Marguerite R. Barnett Memorial Endowment
Marguerite R. Barnett’s brief tenure as UH President was filled with promise. She came to the university in 1990 as the top-ranked female African American college administrator in the nation. Dr. Barnett brought an energy and enthusiasm to the campus when she vowed to make UH the top urban research university in the country. She spearheaded efforts to create a partnership between the university and the surrounding community. However, time was not on Dr. Barnett’s side. She died of complications due to cancer in February 1992.At her memorial service, UH interim President James Pickering spoke of Dr. Barnett’s goal and her impact on the university. “For us, she articulated a dream, a dream that UH can become the premier 21st-century urban university. It will do so by reaching out and engaging the city, its citizens and problems in a way that makes a significant and lasting difference in the character and quality of the common life we share together.” An endowment was created by the faculty, staff, and friends of Dr. Barnett in 1992. They quickly raised $35,000 to begin an endowment in political science, Dr. Barnett’s field of study.
Maud B. and Timothy F. Maurin Book Fund
In 1996, Gertrude Maurin established this endowment through a bequest to the UH Libraries. The Maud B. & Timothy F. Maurin Book Fund, named after Gertrude’s parents, provides for the acquisition of materials in fields related to parapsychology.
Melita Franzheim Memorial Book Fund
The Melita Franzheim Memorial Book Fund was created the Honorable Kenneth Franzheim in memory of his daughter in 1999. The Franzheim family has had a long and close relationship with Houston and UH. The Houston skyline of the 1920s to 1950s was dominated by the work of Franzheim’s father, who was closely associated with the UH School of Architecture. Kenneth Franzheim II donated the one millionth volume to MD Anderson Library. Barbara Franzheim, Melita’s mother, donated Melita’s extensive collection of books to the UH Special Collections Department.
Melita Franzheim was characterized by her family as a wonderfully intelligent and creative person. A gifted artist, her interests included Classical and Renaissance literature and painting, languages, and visual arts. She was a student of mosaic art and created numerous works in that medium.
The Melita Franzheim Book Fund is used to purchase texts in the areas of literature, languages, art, and general humanities.
Mindora Bagby McCallick Collection on Wildlife of Texas and the Southwest
The Mindora Bagby McCallick Memorial Collection on Wildlife of Texas and the Southwest was created in March 1974 by the dean of the College of Technology, Hugh E. McCallick.
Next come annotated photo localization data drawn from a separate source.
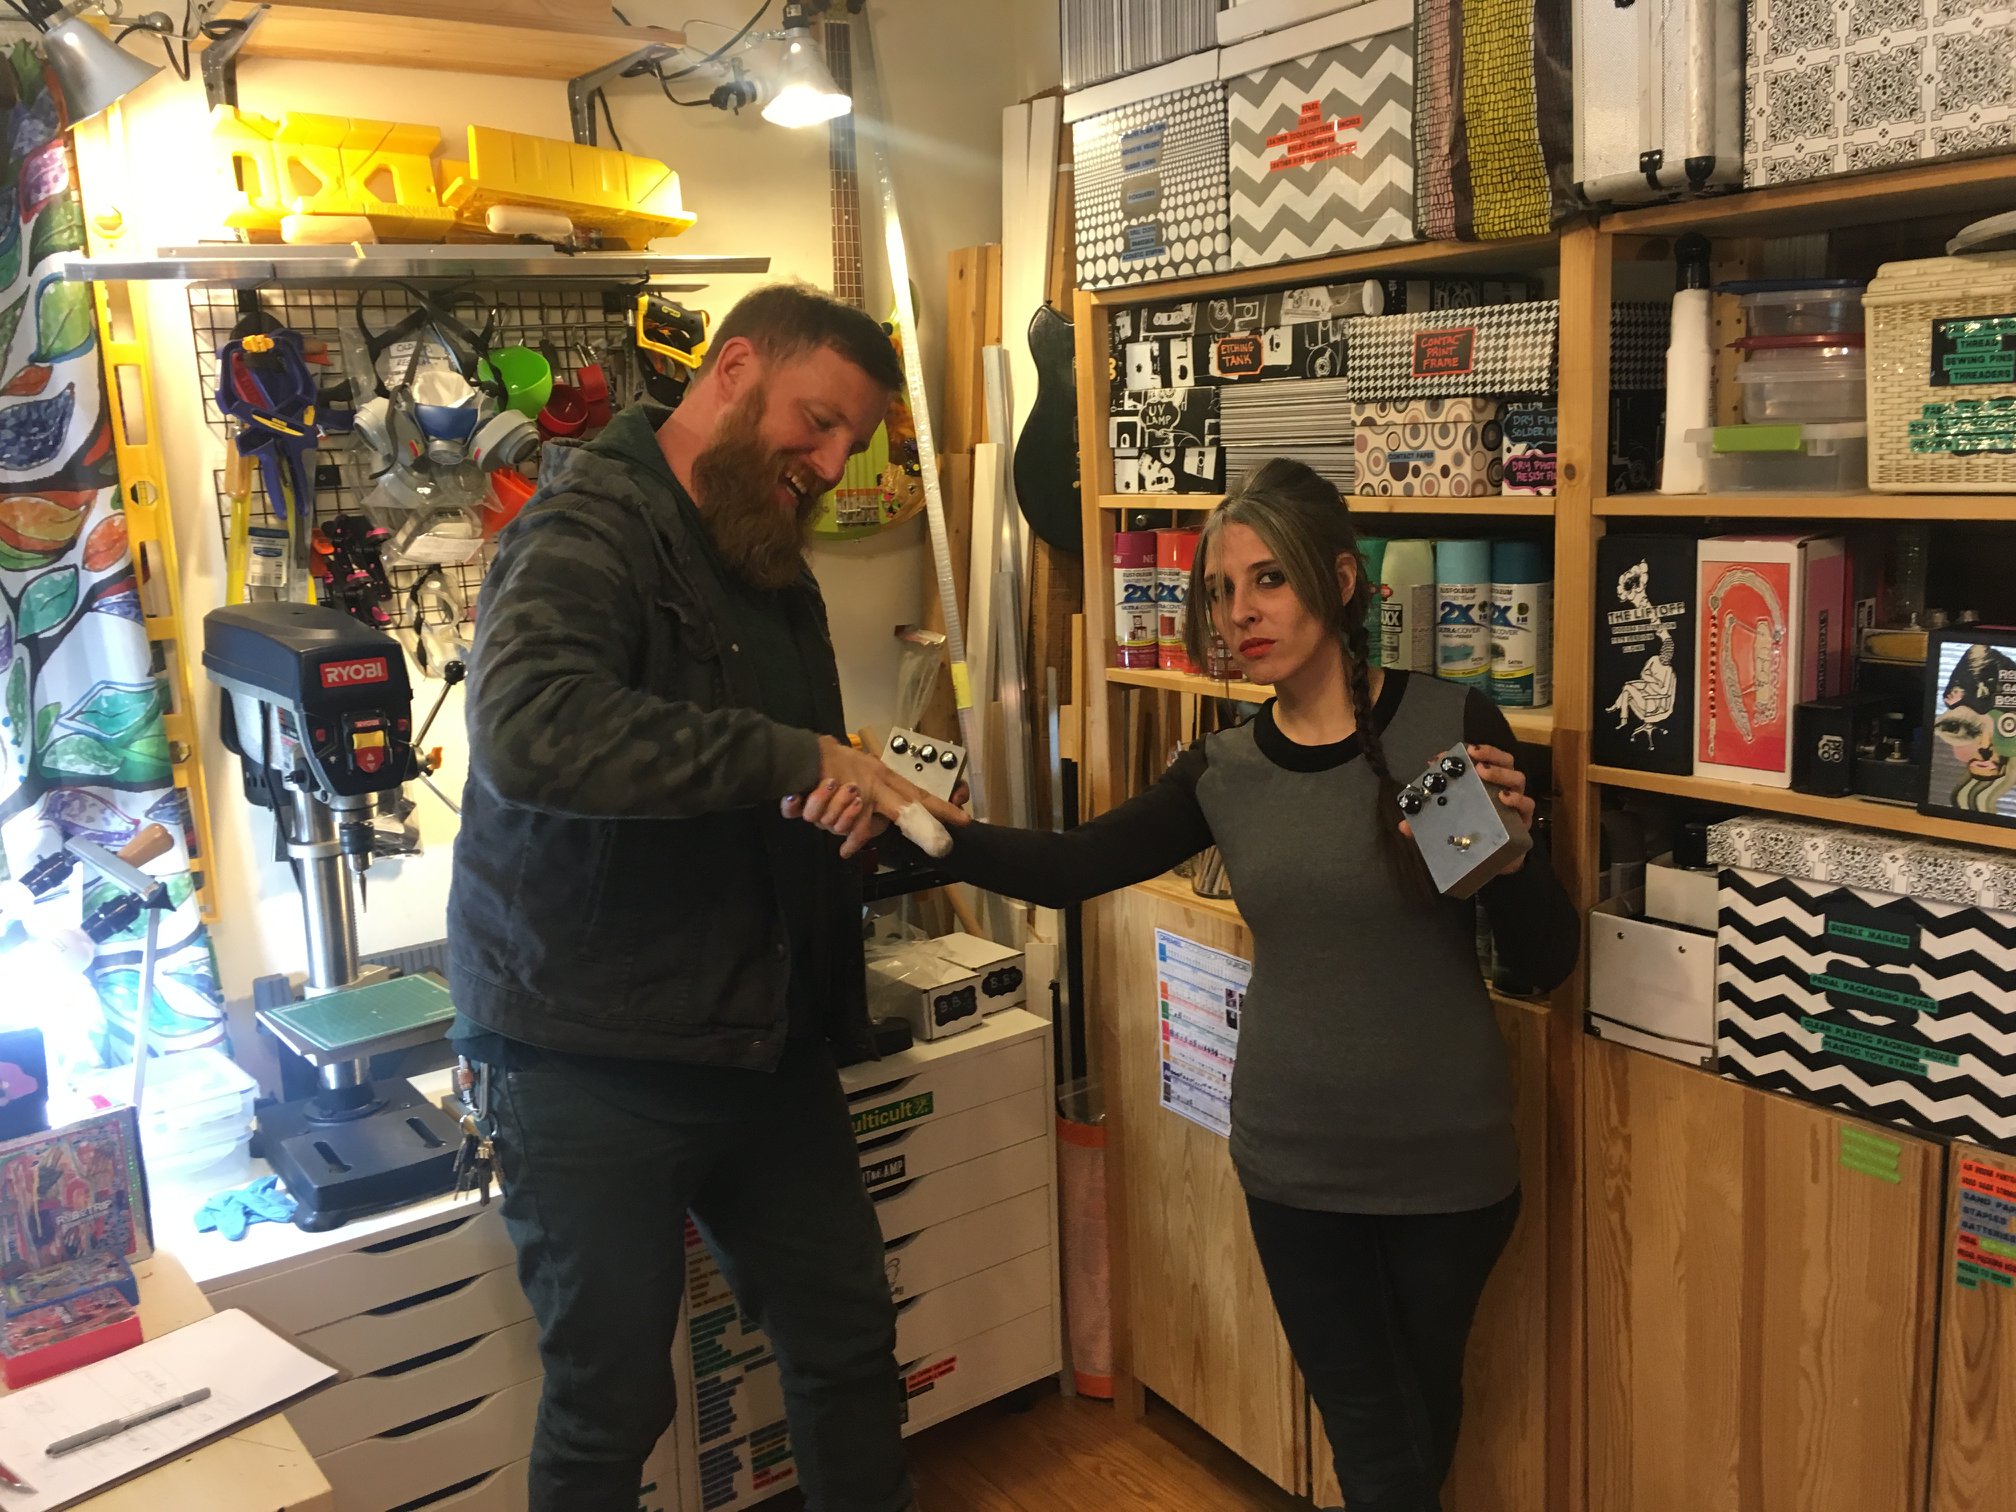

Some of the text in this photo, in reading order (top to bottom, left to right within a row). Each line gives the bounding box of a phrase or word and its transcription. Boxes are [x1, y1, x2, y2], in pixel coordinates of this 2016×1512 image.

[1421, 333, 1469, 348] CONTACT
[1960, 338, 2000, 349] THREAD
[1220, 341, 1254, 355] ETCHING
[1426, 346, 1458, 358] PRINT
[1221, 354, 1253, 367] TANK
[1423, 357, 1459, 370] FRAME
[1944, 353, 2013, 366] SEWING PINS
[1953, 369, 2011, 380] THREADERS
[1148, 403, 1166, 417] UV
[1146, 415, 1172, 426] LAMP
[1512, 414, 1534, 427] DRY
[1510, 426, 1545, 438] SOLDER
[1387, 452, 1415, 460] CONTACT
[1511, 460, 1531, 472] DRY
[1516, 470, 1545, 482] RESIST
[1123, 583, 1152, 603] 2X
[1440, 601, 1476, 625] 2X
[1607, 610, 1632, 624] THE
[325, 662, 383, 683] RYOBI
[1830, 922, 1910, 946] BUBBLE MAILERS
[1811, 974, 1937, 1011] PEDAL PACKAGING BOXES
[1804, 1018, 1959, 1065] CLEAR PLASTIC PACKING BOXES
[1822, 1040, 1928, 1073] PLASTIC TOY STANDS
[851, 1101, 913, 1134] ulticult
[1963, 1191, 1992, 1206] SAND
[1962, 1206, 2008, 1225] STAPLES
[1961, 1220, 2016, 1243] BATTERIES
The endowment has been used by the library to build a sizeable collection of literature on the flora and fauna of the Southwest.
Monsignor John T. Nicholson Fund
Earnings from the Monsignor John T. Nicholson Memorial Fund benefit the University of Houston in several ways. Each year, $100 is awarded to a deserving student who excels in German.
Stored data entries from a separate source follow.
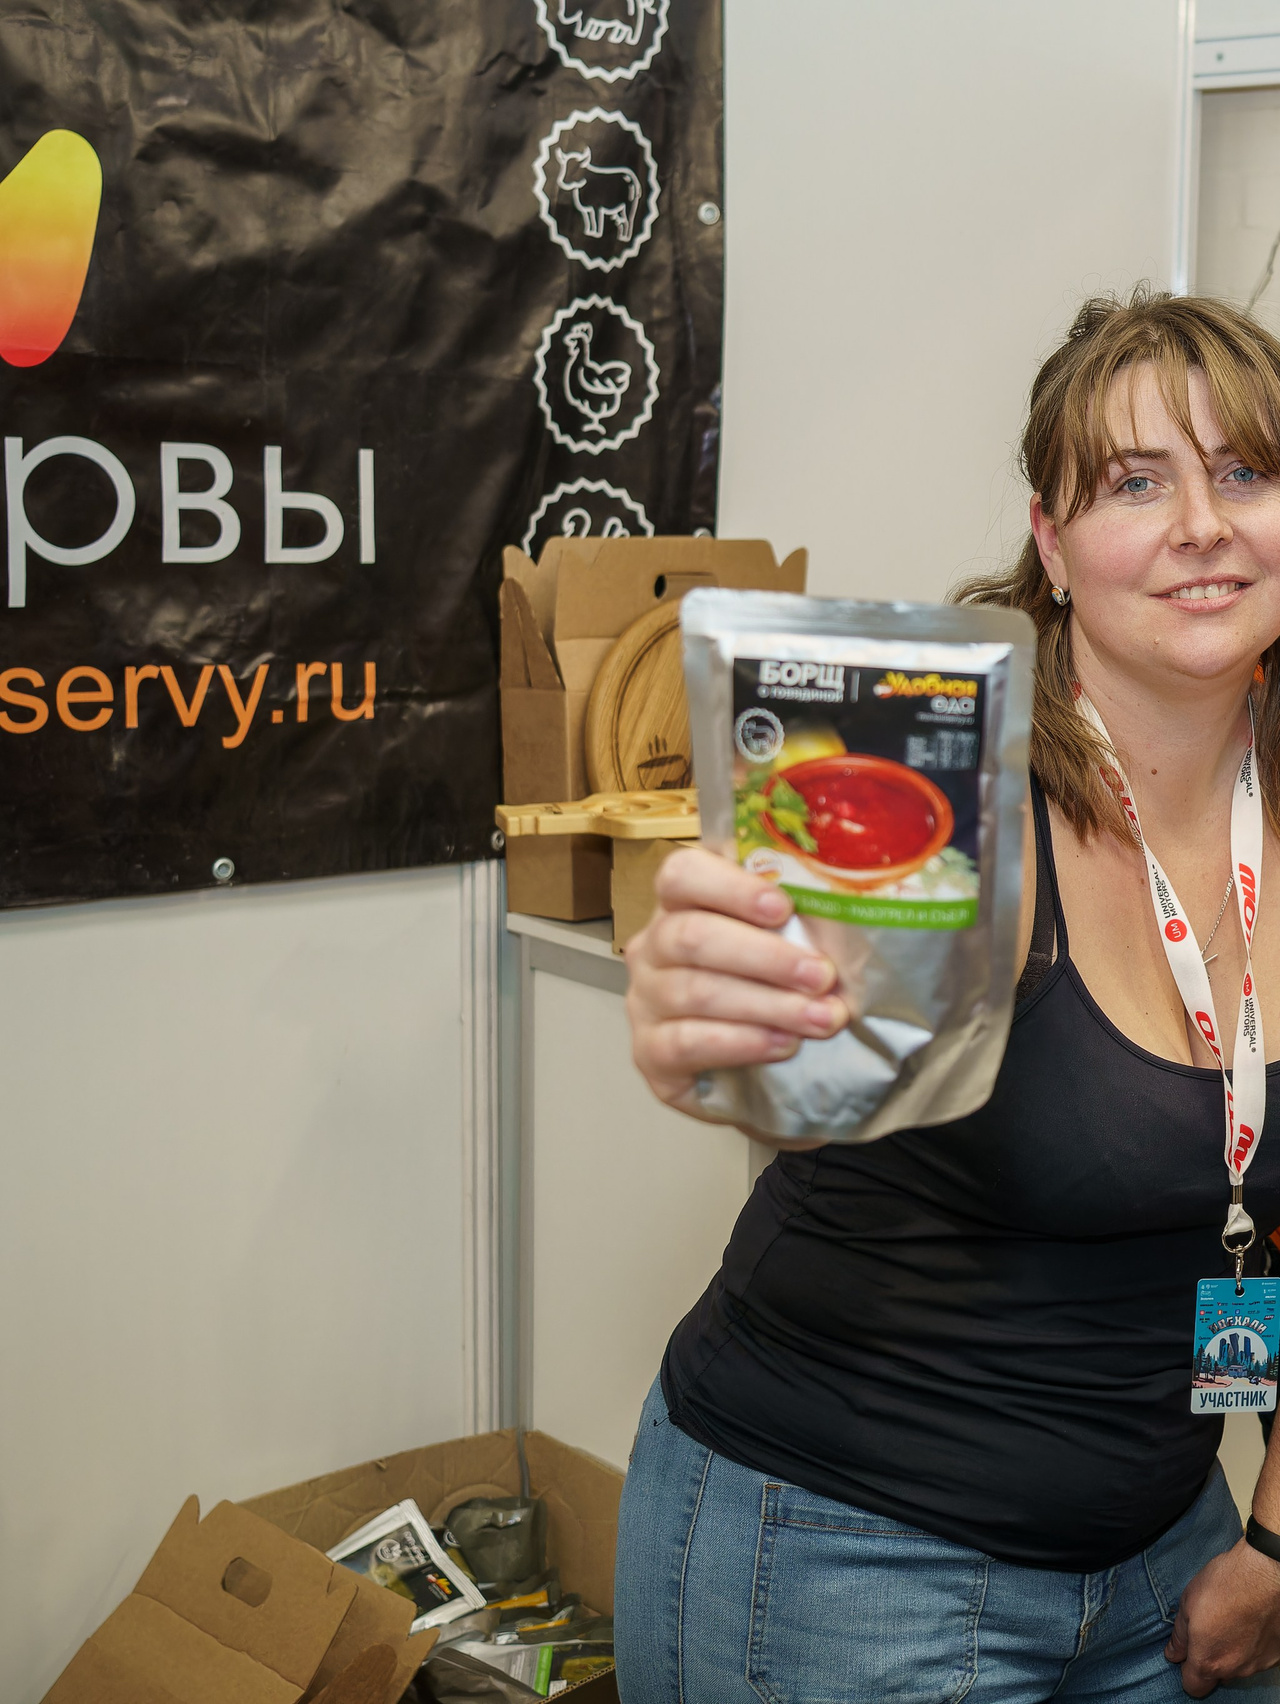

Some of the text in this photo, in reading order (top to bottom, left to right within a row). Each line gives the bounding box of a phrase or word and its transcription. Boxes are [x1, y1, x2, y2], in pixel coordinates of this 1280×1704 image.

[4, 435, 376, 608] рвы
[758, 661, 845, 690] БОРЩ
[0, 661, 377, 749] servy.ru
[1208, 1315, 1268, 1334] ПОЕХАЛИ
[1200, 1390, 1267, 1408] УЧАСТНИК
The remainder of the annual earnings are designated to the UH Libraries and are used to purchase books, musical scores or other materials in the fields of English history, horticulture or music.
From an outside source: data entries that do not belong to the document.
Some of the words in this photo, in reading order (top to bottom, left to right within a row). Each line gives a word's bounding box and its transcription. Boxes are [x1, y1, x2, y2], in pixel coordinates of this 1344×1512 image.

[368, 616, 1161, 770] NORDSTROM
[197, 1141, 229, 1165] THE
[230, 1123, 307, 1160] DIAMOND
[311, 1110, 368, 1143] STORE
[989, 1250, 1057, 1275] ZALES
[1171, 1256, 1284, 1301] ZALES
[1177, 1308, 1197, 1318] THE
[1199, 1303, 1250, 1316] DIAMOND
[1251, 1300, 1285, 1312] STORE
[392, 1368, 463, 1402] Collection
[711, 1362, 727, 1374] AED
Wallace C.D. Gee Endowment Fund
Wallace C.D. Gee served on the board of the Friends of the Library. Upon his death on April 19, 1983, his family, remembering the great value he placed on education, requested that Mr. Gee’s friends make donations to the library for the acquisition of books. According to his son Bob Gee, Wallace Gee also “had a strong sense of commonwealth — he looked out for the best interests of the community.” As the fund grew, an endowment was created to perpetuate Mr. Gee’s name and to benefit the library for generations. The proceeds from the Wallace C.D. Gee Endowment Fund go toward purchasing books in the finance, real estate, and Chinese studies subject areas.